Review: Only God Forgives

Director: Nicolas Winding Refn

Starring: Ryan Gosling, Kristin Scott Thomas, Vithaya Pansringarm, Tom Burke, Yayaying Rhatha Phongam, Kovit Wattanakul

Rating: BBFC-18 Running Time: 90 mins

Julian Thompson (Ryan Gosling) lives in Thailand with his brother Billy (Tom Burke) where the two of them run a boxing club, a front for a drug smuggling operation. When Billy kills an underage prostitute, the Thai police are called in, and Lieutenant Chang (Vithaya Pansringarm) allows Choi (Kovit Wattanakul), the father of the girl, time with Billy to do “whatever he wants”, ultimately with him killing Billy.

To punish Choi for prostituting his daughter to Billy in the first place and for the act of killing him, Chang cuts off Choi’s hand, and allows him to go free with the matter resolved. Julian then corners Choi seeking retribution for Billy’s death, but changes his mind when he learns why the man killed Billy, and instead decides to let him live. When Julian’s mother Crystal (Kristin Scott Thomas) arrives in Thailand to recover Billy’s body, she learns of Julian’s decision, and enraged, orders one of Julian’s men to kill Choi, an act which gains the interest of Chang, who is determined to follow the leads back to the source of the order and bring the culprit to justice.

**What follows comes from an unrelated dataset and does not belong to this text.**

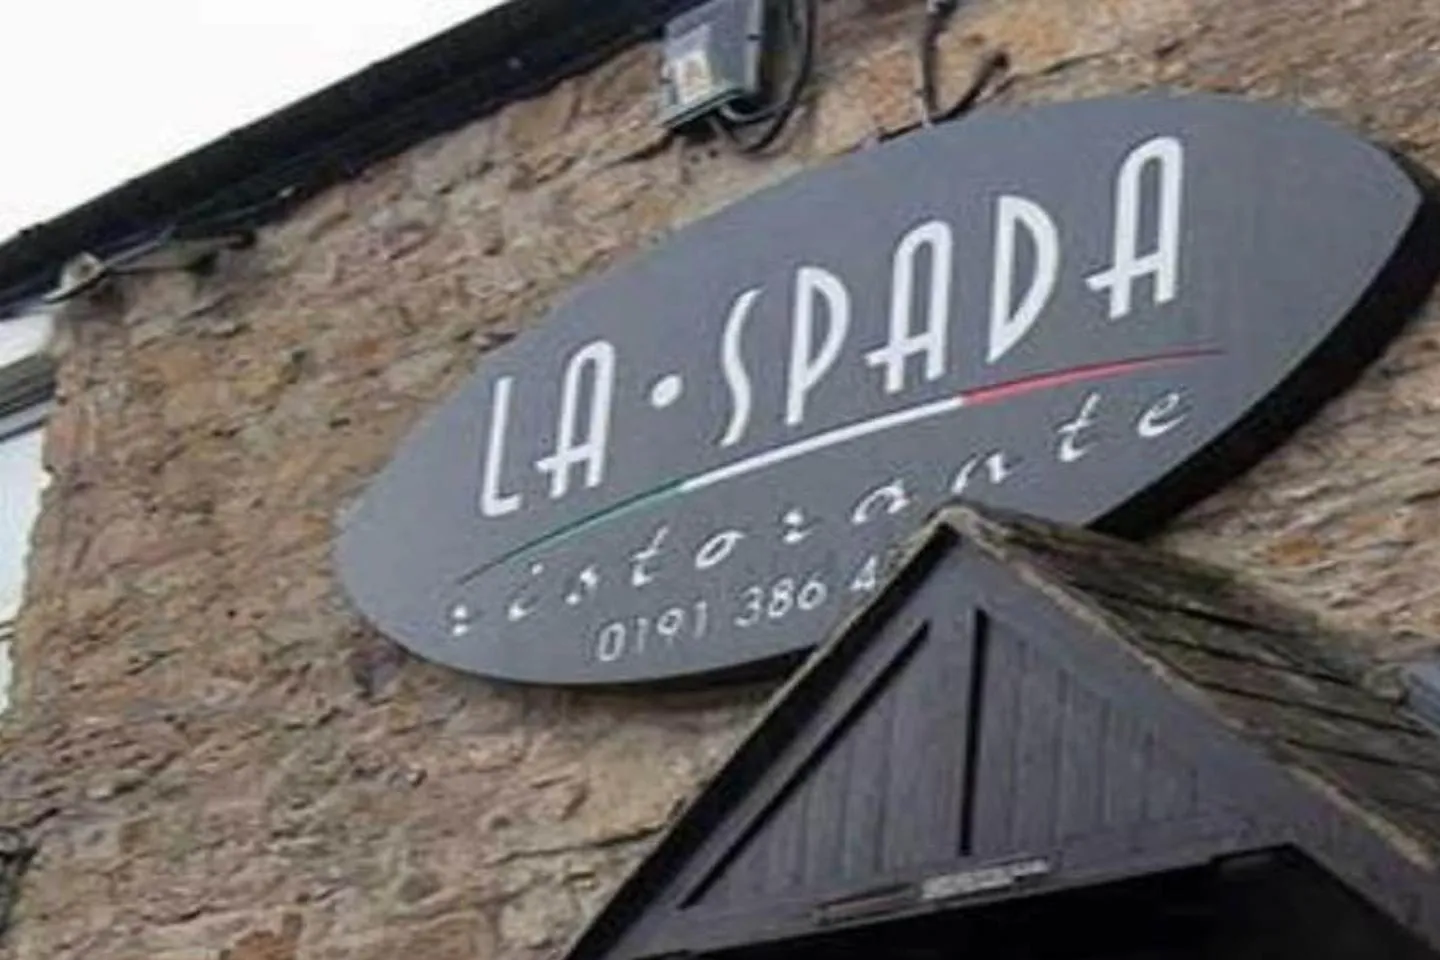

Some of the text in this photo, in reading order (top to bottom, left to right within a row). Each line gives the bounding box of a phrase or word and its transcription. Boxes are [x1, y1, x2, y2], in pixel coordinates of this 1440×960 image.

The movie is a tour de force of hyper-styled movie making, much like Nicolas Wynding Refn’s previous movie Drive, but whereas that movie knew how far to push the limits of style in a scene, here those limits are tested continuously throughout, unfortunately to a detrimental effect. Entire sequences are set in nightclub-type locations where the neon lighting is the only source of light, scenes set in a high-rise hotel room and on the balcony are oddly vacant of any grand scale that you would expect, and entire scenes are played out with characters taking their time to do something as simple as walk along a corridor that should only be a precursor to the scene, instead of taking up the entirety of the scene.

There’s also a cross-cultural barrier that some audiences will struggle with. Where Drive was grounded very solidly in western philosophy, Only God Forgives is equally grounded in eastern philosophy, regarding honour, justice and retribution. A great sense of that eastern culture is especially present in scenes featuring Vithaya Pansringarm performing karaoke, often immediately after some of the harshest scenes in the movie. The meaning of this may not translate well for western audiences but in the east where karaoke has somewhat of a therapeutic effect it makes perfect sense for the character of Chang.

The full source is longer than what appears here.